Friday, January 23, 2015

How ridiculous people help us love the annoying ones

© | Dreamstime Stock Photos
Usually, I have the gym sauna all to myself. But not always.

There was the woman last month sprawled on her back across the lower bench. After 15 minutes and no movement, I assumed she was dead, but it turned out she was only taking a 175-degree nap. Then there was the blonde from a few weeks back. She walked in and out again in roughly 48 seconds.

If you can't stand the heat....

Otherwise, I tend to hit the sauna at the non-peak hours, apparently, because I've come to think of it as my hiding place. No one would think to look for me in there. And, even if they did, the stifling heat would deter them from coming in to get me.

Recently, while racing to the sauna where I could sweat in peace and relieve stress from my day, I walked in on a woman in dress mode and shouting her apologies before I'd hardly realized what the shouting was about.

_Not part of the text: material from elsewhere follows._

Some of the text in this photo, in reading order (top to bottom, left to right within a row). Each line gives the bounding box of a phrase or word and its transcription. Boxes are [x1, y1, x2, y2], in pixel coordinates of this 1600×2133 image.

Not knowing what else to do, I took a seat in the corner and focused on the ceiling.

I never got her name, mostly because she didn't stop talking long enough for me to ask. Instead, while switching from one layer of clothing to another in a series so complex I couldn't keep up, she told me about her home in Chicago, her mother with dementia, her views on public decency, and her pastor's sermon she could repeat in graphic detail about God's plan for sex.

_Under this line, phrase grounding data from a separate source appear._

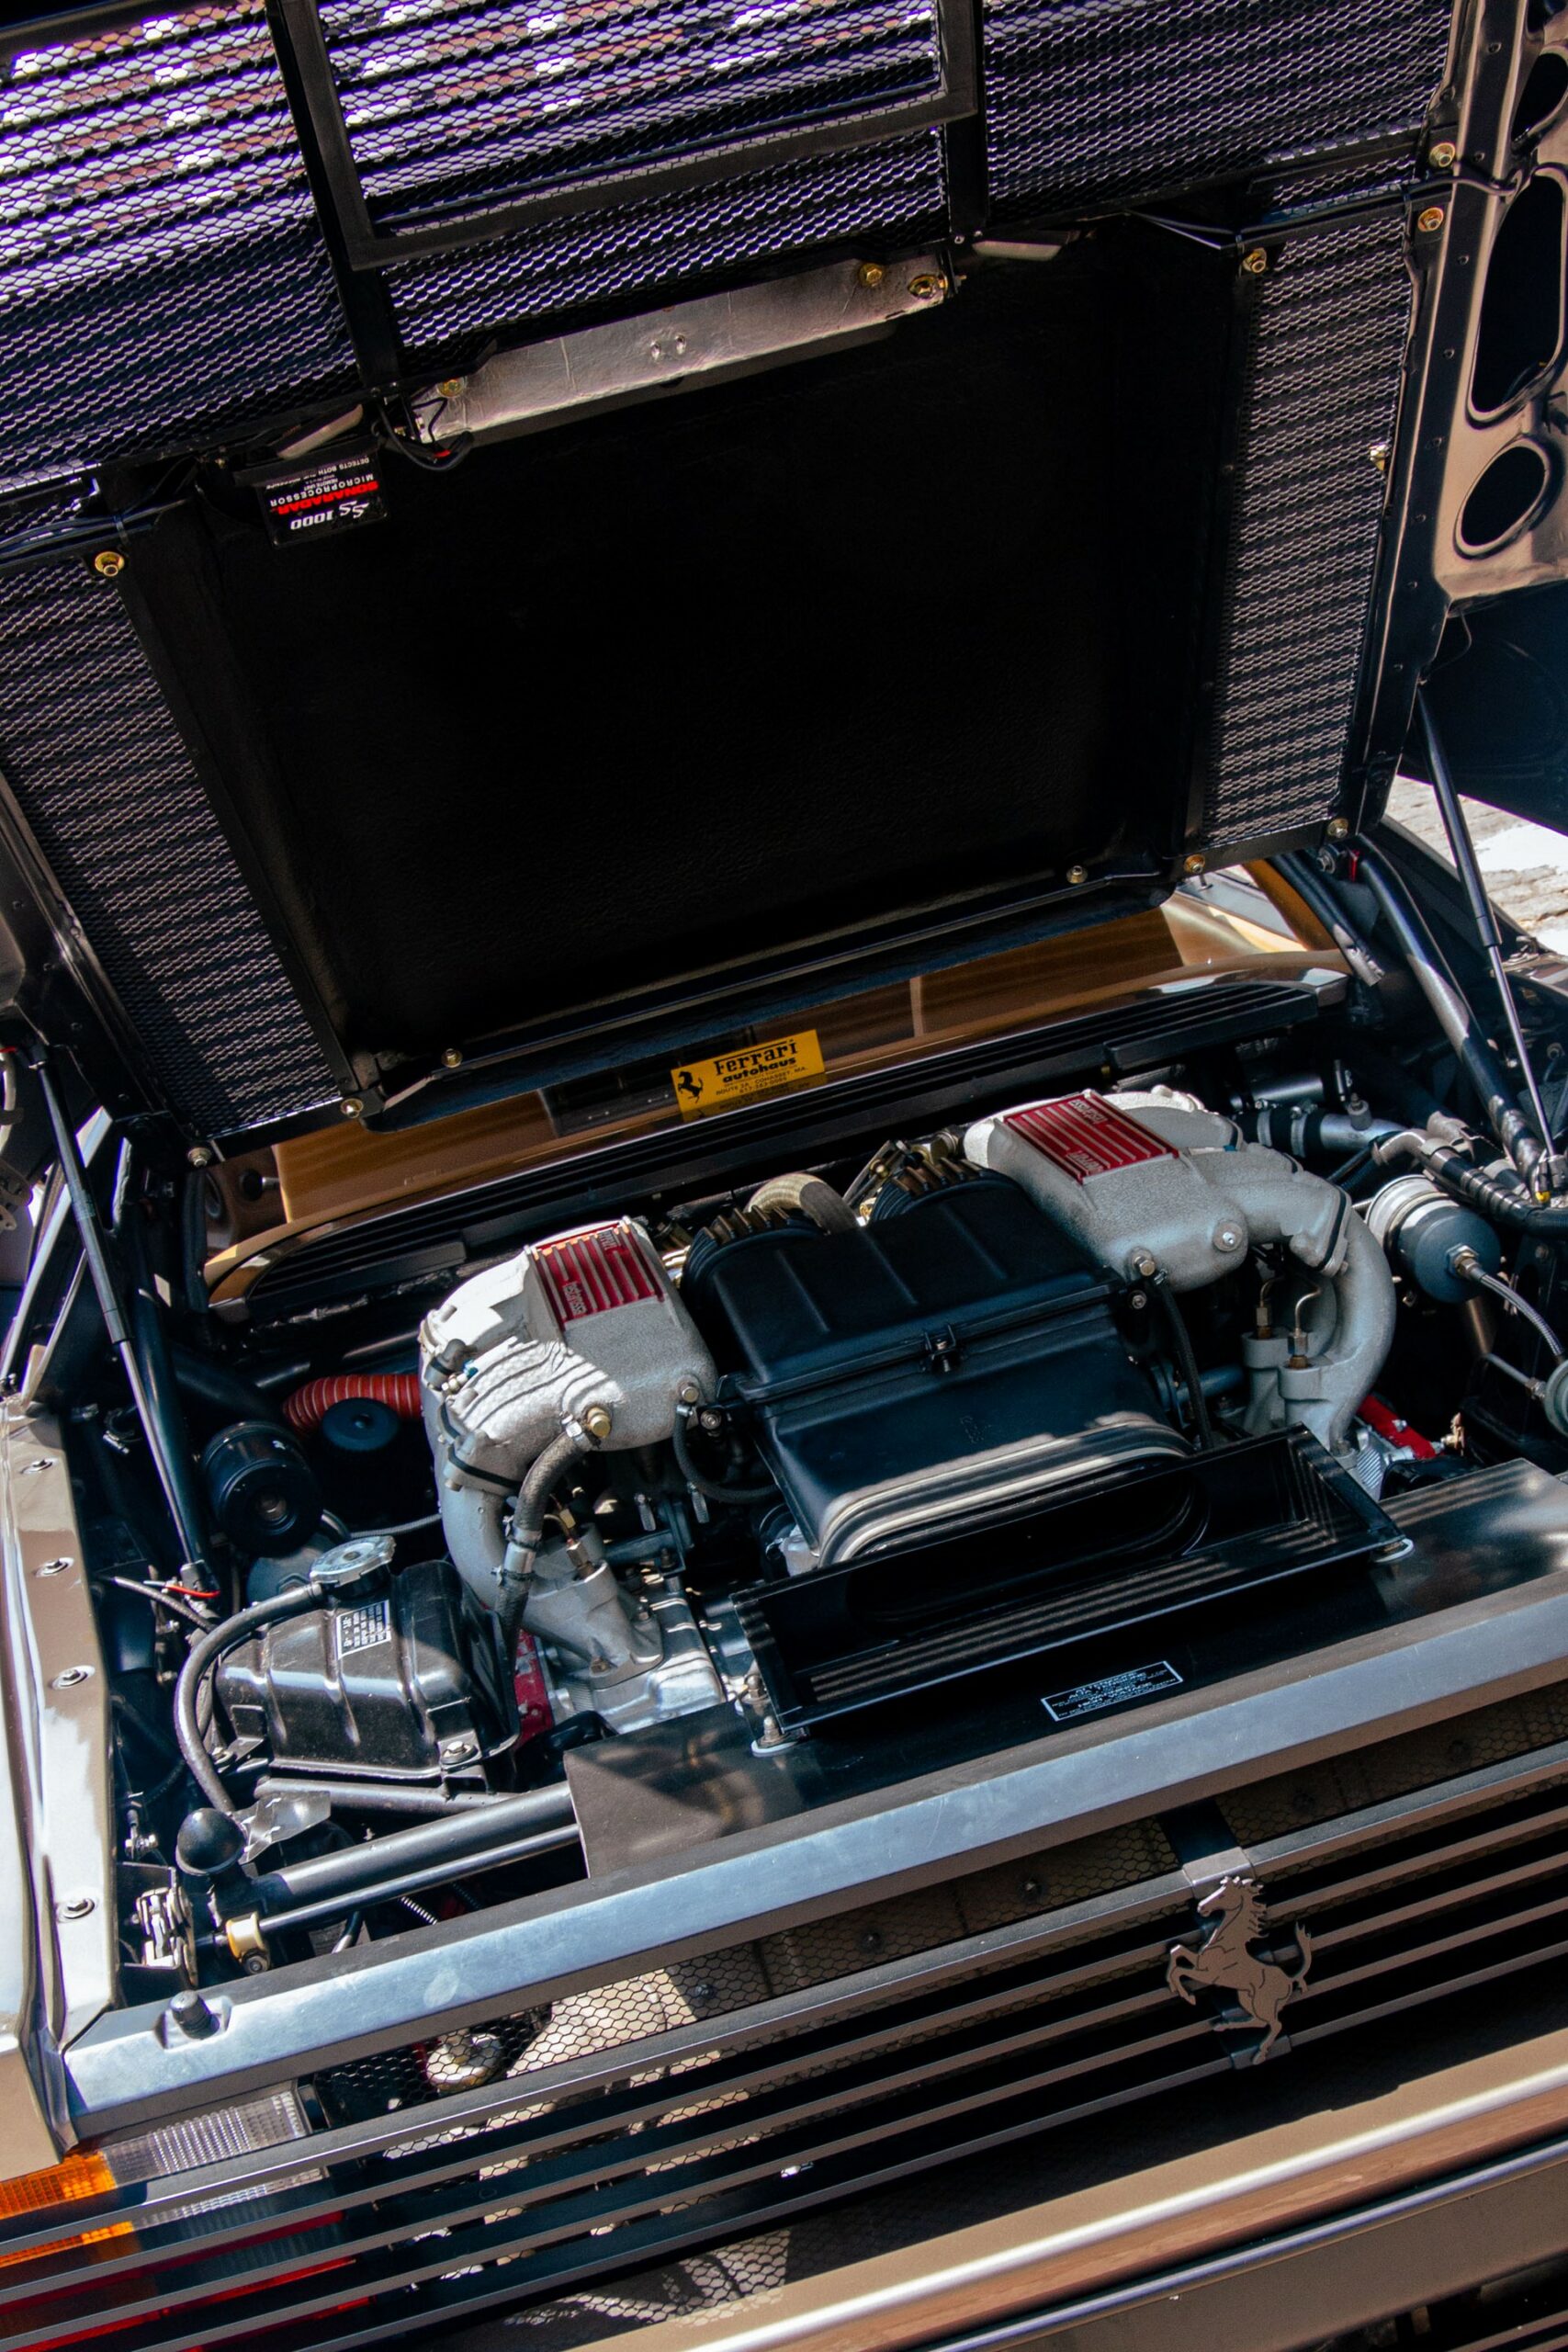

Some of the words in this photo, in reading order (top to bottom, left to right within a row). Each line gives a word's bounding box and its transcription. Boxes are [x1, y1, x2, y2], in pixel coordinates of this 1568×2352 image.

[318, 465, 337, 476] BOTH
[339, 458, 370, 470] DETECTS
[270, 473, 374, 507] MICROPROCESSOR
[277, 481, 378, 514] SONARADAR
[290, 509, 334, 530] 1000
[713, 1039, 798, 1076] Ferrari
[722, 1057, 796, 1083] autohaus

After I got over the shock and embarrassment, I found it quite educational.

In between tying her splashy moo moo over a satiny slip of some kind and lacing up her all purpose sneakers, she recanted conversations she's had with a centenarian she visits after church on Sundays. She told me about the house where her mother has lived for 44 years. She tsk tsked through a conversation she'd had recently with a few young women who needed set straight.

When necessary, she would tuck a layer of fabric around her right breast, which mysteriously could never get enough fabric.

I came to the sauna to be alone. I came because it's where I'm always alone. After a day where someone had managed to press one of only three buttons I actually possess (my political buttons are totally separate from this total and are, therefore, exempt from all rules whether real or implied), all I wanted was to be away from all humans currently on planet earth, as well as any soon-to-visit alien species in this galaxy or beyond.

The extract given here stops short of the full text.